----- Dataset records
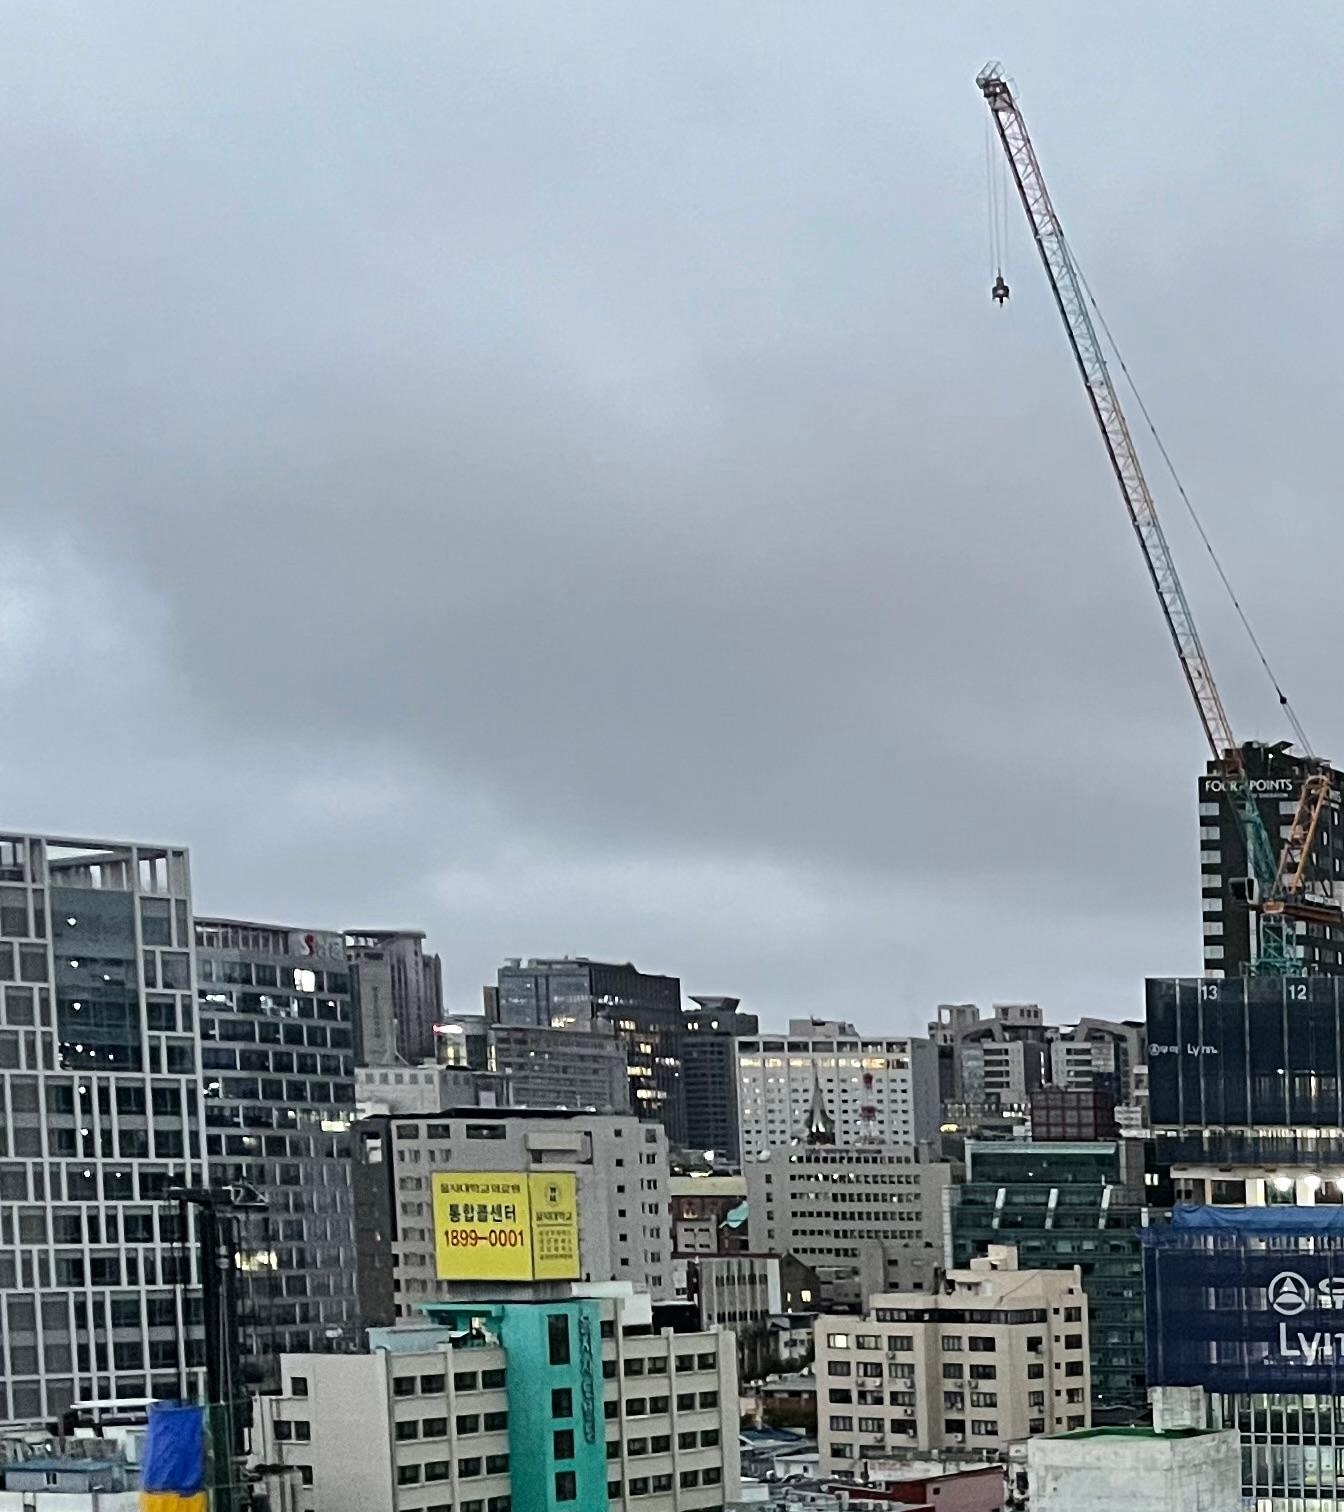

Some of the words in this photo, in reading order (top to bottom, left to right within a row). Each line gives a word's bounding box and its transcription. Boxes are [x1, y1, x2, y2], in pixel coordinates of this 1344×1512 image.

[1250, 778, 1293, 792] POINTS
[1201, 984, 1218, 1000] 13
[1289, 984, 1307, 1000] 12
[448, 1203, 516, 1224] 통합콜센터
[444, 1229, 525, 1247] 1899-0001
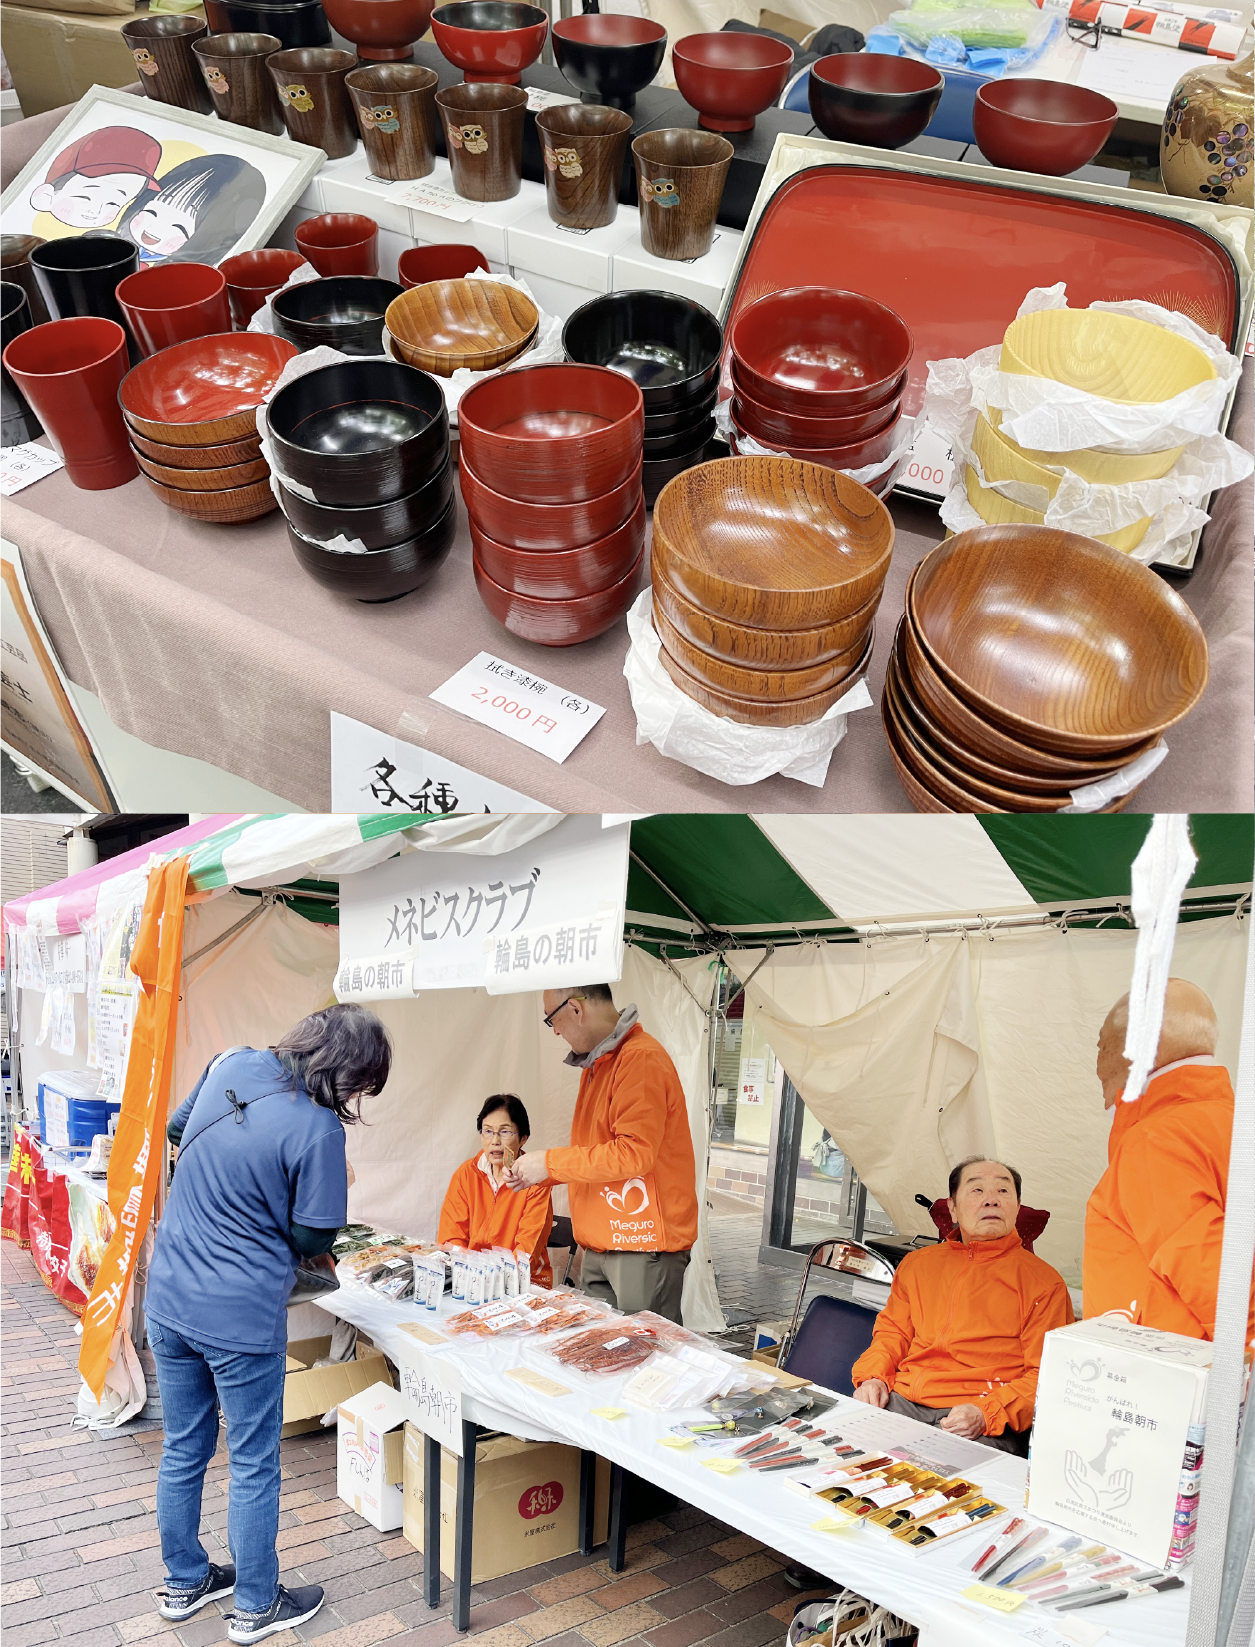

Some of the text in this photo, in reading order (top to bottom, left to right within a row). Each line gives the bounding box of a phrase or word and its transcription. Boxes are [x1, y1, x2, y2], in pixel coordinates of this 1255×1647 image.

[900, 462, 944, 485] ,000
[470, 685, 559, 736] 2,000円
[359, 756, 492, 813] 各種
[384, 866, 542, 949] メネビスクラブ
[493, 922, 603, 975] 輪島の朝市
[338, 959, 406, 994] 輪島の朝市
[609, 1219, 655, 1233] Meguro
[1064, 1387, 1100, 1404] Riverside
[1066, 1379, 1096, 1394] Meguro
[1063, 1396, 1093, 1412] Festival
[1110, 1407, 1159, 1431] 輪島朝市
----------
Please set down the records exactly, and keep every image out of the copy.

Some of the words in this photo, in reading order (top to bottom, left to right within a row). Each line gives a word's bounding box and its transcription. Boxes are [x1, y1, x2, y2], in pixel coordinates of this 1344×1512 image.

[1250, 778, 1293, 792] POINTS
[1201, 984, 1218, 1000] 13
[1289, 984, 1307, 1000] 12
[448, 1203, 516, 1224] 통합콜센터
[444, 1229, 525, 1247] 1899-0001

Some of the text in this photo, in reading order (top to bottom, left to right within a row). Each line gives the bounding box of a phrase or word and its transcription. Boxes are [x1, y1, x2, y2], in pixel coordinates of this 1255×1647 image.

[900, 462, 944, 485] ,000
[470, 685, 559, 736] 2,000円
[359, 756, 492, 813] 各種
[384, 866, 542, 949] メネビスクラブ
[493, 922, 603, 975] 輪島の朝市
[338, 959, 406, 994] 輪島の朝市
[609, 1219, 655, 1233] Meguro
[1064, 1387, 1100, 1404] Riverside
[1066, 1379, 1096, 1394] Meguro
[1063, 1396, 1093, 1412] Festival
[1110, 1407, 1159, 1431] 輪島朝市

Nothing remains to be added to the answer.